プロレスはUXの最高の教科書だ!-分析編:ハマるしかけ(になぞらえて考察)
プロレスの3回目は分析編です。デザイナーがプロレスから何を学べるかを整理してみたいと思います。
UXの設計で参考にしている人も多いらしい『ハマるしかけ』という本がありますが、この本で書かれているプロセスに沿って、プロレスのUXとしての工夫をデザイン・ストラテジー的な視点から整理しつつ、かつ関連性がある他の本もいろいろつなぎ合わせて紹介してみます。
ハマるしかけ
ニール・イヤール、ライアン・フーバー(著)、 Hooked翻訳チーム(訳)
翔泳社 2014.05
1.Triggerのしかけ
ユーザーがサービスを知るはじめのキッカケになるTriggerでは、ブシロードの攻めの宣伝や棚橋選手のさわやかなプロレススタイルが参考になります。「何かプロレス盛り上がってるらしいぞ」とか「前とはちょっと違う感じだぞ」と思わせることで、昔好きだった人や今まで興味のなかった層にも関心を持たせています。その結果、潜在ファンの幅を広げたことにつながりました。

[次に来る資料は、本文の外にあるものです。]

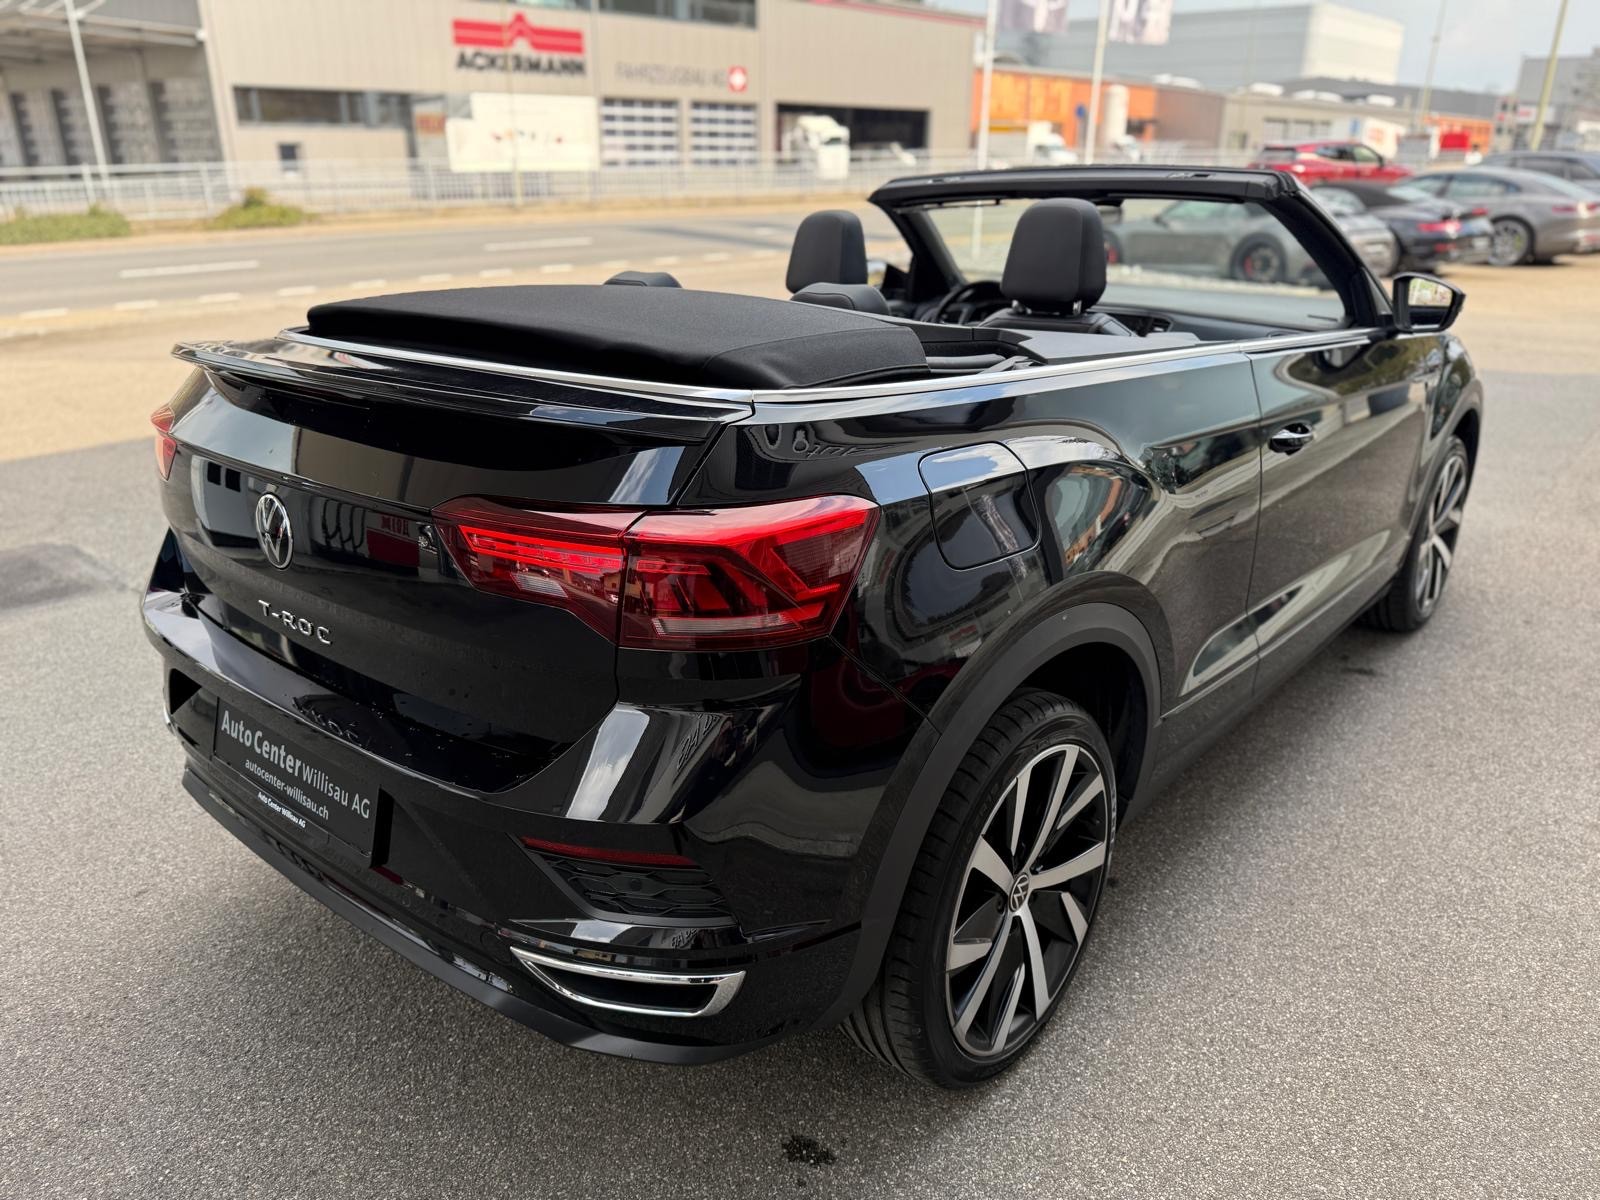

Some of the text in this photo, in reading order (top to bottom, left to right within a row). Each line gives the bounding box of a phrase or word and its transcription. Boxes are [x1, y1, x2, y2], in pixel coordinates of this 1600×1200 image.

しかけとしては、こんなところ。
・(すでに)流行ってる感の広告
・これまで試合を観にこなかった層(女性など)の関心を集める
勝手に流行らせることは、マイブームの生みの親・みうらじゅんも同じように言っていました。「え、知らないの?」と言い続けて、浸透をさせてきたのだとか。
ターゲット層を広げる考えは、USJの経営V字回復の取組みの本が参考になります。こちらは論理的な分析をもとに決められた経営戦略です。
2.Actionのしかけ
次にAction=行動を起こしてもらうようはたらきかけます。ここは復活前のユークス時代に整えた、オンラインチケット販売や自前コンテンツをつくる体制のおかげで、伝えたいメッセージを届けられる環境が整い、かつ選手たちがtwitterを駆使して自分の言葉で届けて、メディアへの誘導やコミュニケーションにつなげています。
・充実したホームページ、試合結果のダイジェストを動画で視聴できる
・テレビ出演、選手のSNS発信、芸人など外部の力を借りた話題づくり
スタイルが一貫してブレてない選手。かつ1対1の関係で結びつきを強くしている新日本プロレスの取組みは、ファンとの接点を大切にして気持ちを込めてつないでいることが学べます。これはD2Cビジネスの流れにも多くの共通点があります。D2Cについてはこちらが参考になります。
ちなみにプロレスは言葉でのパフォーマンスも見どころの一つでもあり、他の格闘技にはない独特な面白い文化です。活字プロレスという言葉もあるくらい、言葉は有効なツールであり、それを関係づくりに活かしています。
3.Rewardのしかけ
Rewardとは報酬=何が満たされるのか(お金だけではない)を意味します。プロレスでは試合観戦の興奮が該当しますが、ここでもしかけがあります。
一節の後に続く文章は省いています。